So, the Big Story that broke last night, in case you haven't heard yet, is that Mitt Romney is sooooo terrible! I know, I know—you're thinking: "THAT IS NOT NEWS! There's a 'Mitt Romney is terrible' label with like one million entries in it!" But, seriously, all the previous terribleness is HA HA CHILD'S PLAY compared to the terribleness that is in this video, shot at a private fundraiser at the Boca Raton home of this fucking guy, in which Romney is heard disgorging sneering contempt for the 47% of USians who he claims will never vote for him because they don't pay taxes and "believe that they are victims, who believe the government has a responsibility to care for them, who believe that they are entitled to health care, to food, to housing, to you-name-it."

There are 47 percent of the people who will vote for the president no matter what.
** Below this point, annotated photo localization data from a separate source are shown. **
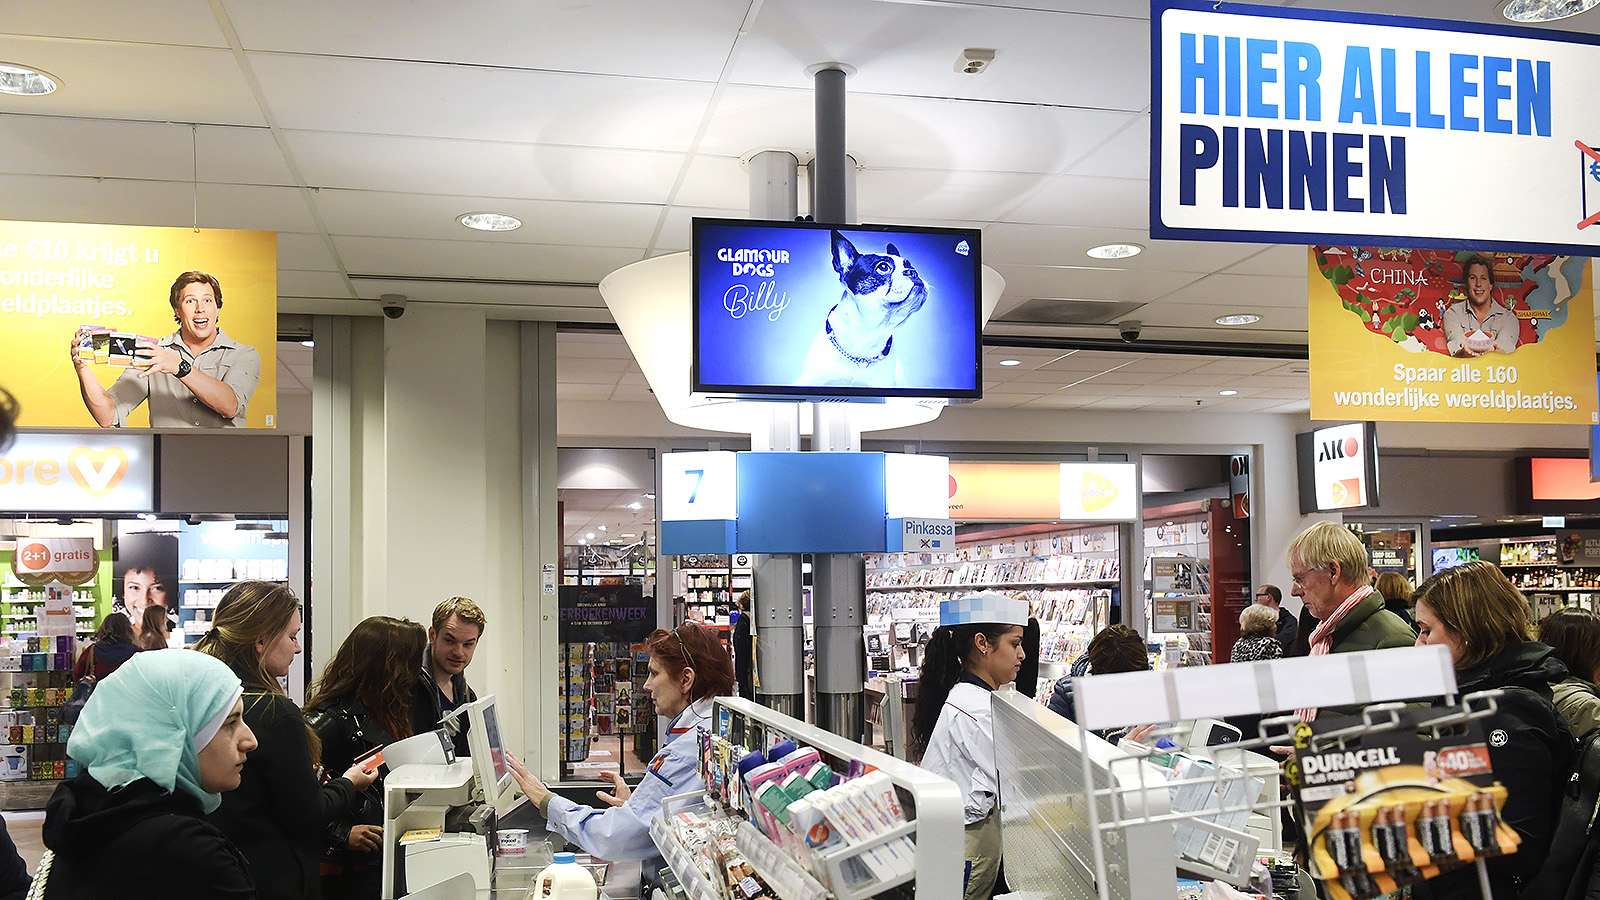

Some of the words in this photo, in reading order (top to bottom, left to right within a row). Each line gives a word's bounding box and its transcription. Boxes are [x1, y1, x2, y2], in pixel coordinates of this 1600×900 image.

[1179, 32, 1322, 122] HIER
[1338, 45, 1552, 138] ALLEEN
[1179, 123, 1407, 215] PINNEN
[26, 240, 70, 261] €10
[76, 240, 138, 267] krijgt
[145, 247, 160, 264] u
[717, 247, 790, 264] GLAMOUR
[1369, 268, 1429, 286] CHINA
[0, 293, 133, 320] eldplaatjes.
[723, 280, 791, 322] Billy
[1393, 362, 1447, 386] Spaar
[1450, 365, 1482, 383] alle
[1486, 365, 1518, 384] 160
[1334, 389, 1440, 411] wonderlijke
[1445, 391, 1579, 414] wereldplaatjes.
[1319, 437, 1359, 462] AKO
[685, 469, 704, 504] 7
[905, 521, 953, 538] Pinkassa
[24, 551, 47, 561] 2+1
[54, 550, 90, 562] gratis
[1302, 747, 1400, 774] DURACELL
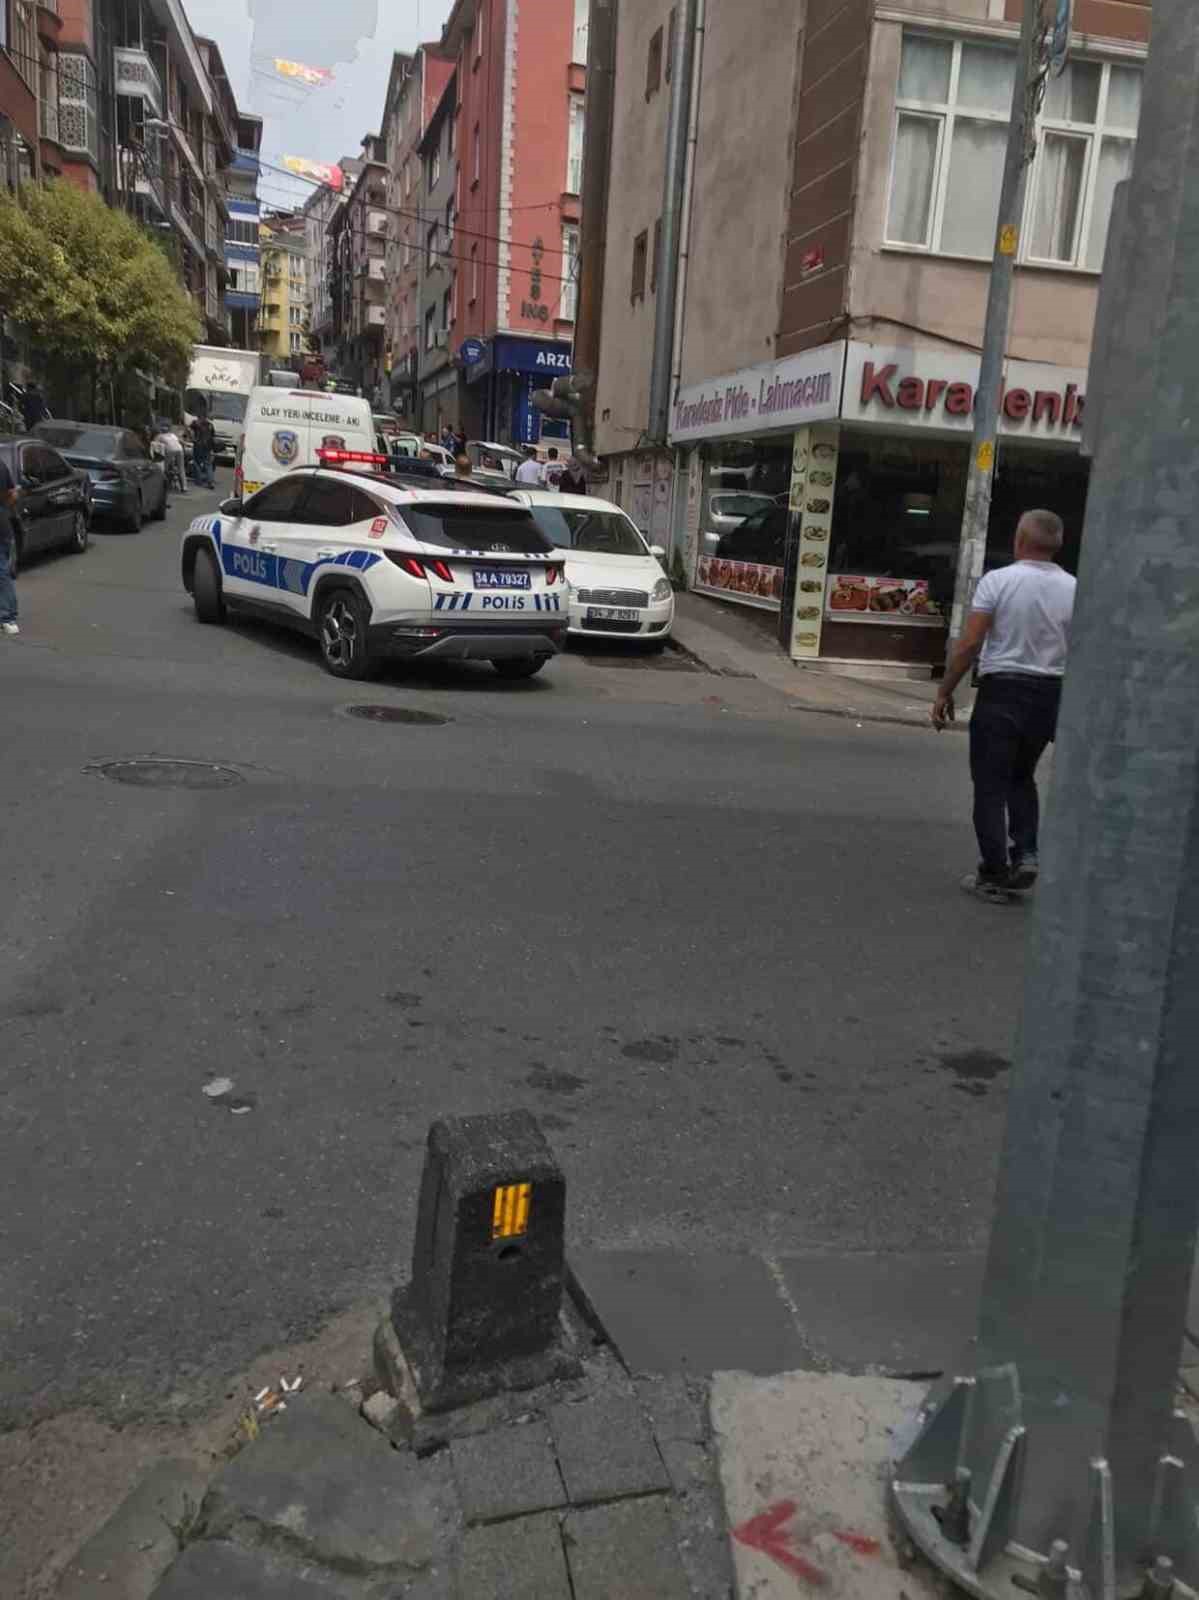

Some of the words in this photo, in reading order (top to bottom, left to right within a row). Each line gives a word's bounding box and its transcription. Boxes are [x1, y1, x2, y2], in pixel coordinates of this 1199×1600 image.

[724, 385, 749, 421] Pide
[758, 371, 831, 415] Lahmacun
[860, 361, 1086, 427] Karaeni
[474, 572, 488, 584] 34
[490, 573, 498, 585] A
[482, 595, 525, 609] POLİS
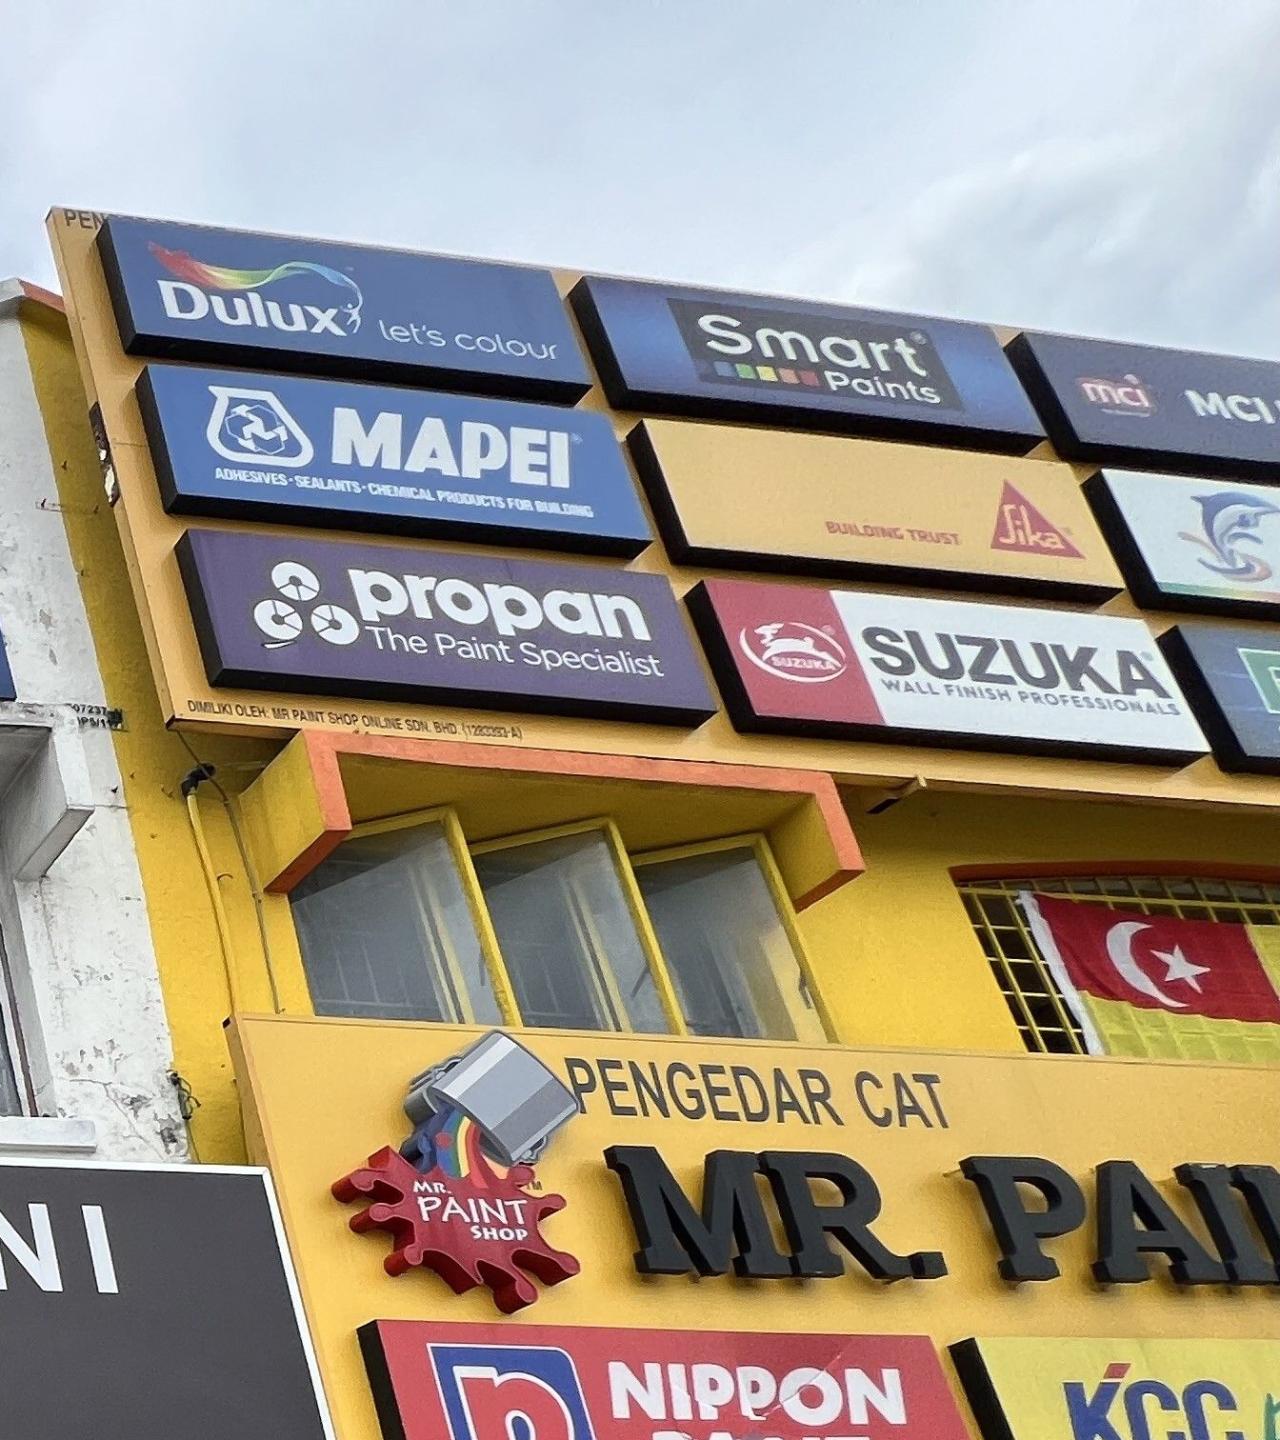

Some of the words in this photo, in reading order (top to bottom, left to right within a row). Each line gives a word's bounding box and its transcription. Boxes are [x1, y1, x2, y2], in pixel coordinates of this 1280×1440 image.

[157, 279, 346, 336] Dulux
[378, 319, 446, 348] let's
[455, 327, 558, 361] colour
[697, 312, 928, 377] Smart
[825, 368, 941, 405] Paints
[1081, 374, 1153, 409] mci
[332, 407, 571, 489] MAPEI
[215, 467, 287, 486] ADHESIVES
[295, 475, 361, 494] SEALANTS
[368, 483, 436, 502] CHEMICAL
[436, 491, 504, 509] PRODUCTS
[507, 497, 533, 512] FOR
[535, 500, 594, 518] BUILDING
[826, 521, 904, 541] BUILDING
[907, 528, 960, 546] TRUST
[1000, 503, 1065, 549] Sika
[347, 569, 652, 642] propan
[365, 624, 428, 656] The
[439, 632, 511, 665] Paint
[520, 640, 665, 679] Specialist
[772, 656, 836, 671] SUZUKA
[860, 624, 1173, 699] SUZUKA
[188, 700, 232, 716] DIMILIKI
[235, 705, 268, 719] OLEH:
[272, 707, 290, 721] MR
[292, 709, 324, 724] PAINT
[329, 711, 358, 727] SHOP
[362, 715, 403, 731] ONLINE
[405, 718, 432, 733] SDN.
[433, 720, 460, 735] BHD.
[881, 679, 939, 695] WALL
[944, 684, 1011, 701] FINISH
[1019, 690, 1181, 716] PROFESSIONALS
[565, 1057, 844, 1127] PENGEDAR
[856, 1071, 950, 1129] CAT
[413, 1180, 450, 1195] MR.
[417, 1196, 527, 1224] PAINT
[470, 1224, 528, 1242] SHOP
[604, 1145, 947, 1281] MR.
[608, 1361, 907, 1427] NIPPON
All right—there are 47 percent who are with him, who are dependent upon government, who believe that they are victims, who believe the government has a responsibility to care for them, who believe that they are entitled to health care, to food, to housing, to you-name-it. That that's an entitlement. And the government should give it to them. And they will vote for this president no matter what.

And, I mean, the president starts off with a 48, 49—he starts off with a huge number. These are people who pay no income tax. Forty-seven percent of Americans pay no income tax. So our message of low taxes doesn't connect. So he'll be out there talking about tax cuts for the rich. I mean, that's what they sell every four years.

And so my job is not to worry about those people. I'll never convince them that they should take personal responsibility and care for their lives. What I have to do is convince the five to ten percent in the center that are independents, that are thoughtful, that look at voting one way or the other depending upon, in some cases, emotion—whether they like the guy or not.
Okay. Wow. That is some full-tilt fuckery, right there.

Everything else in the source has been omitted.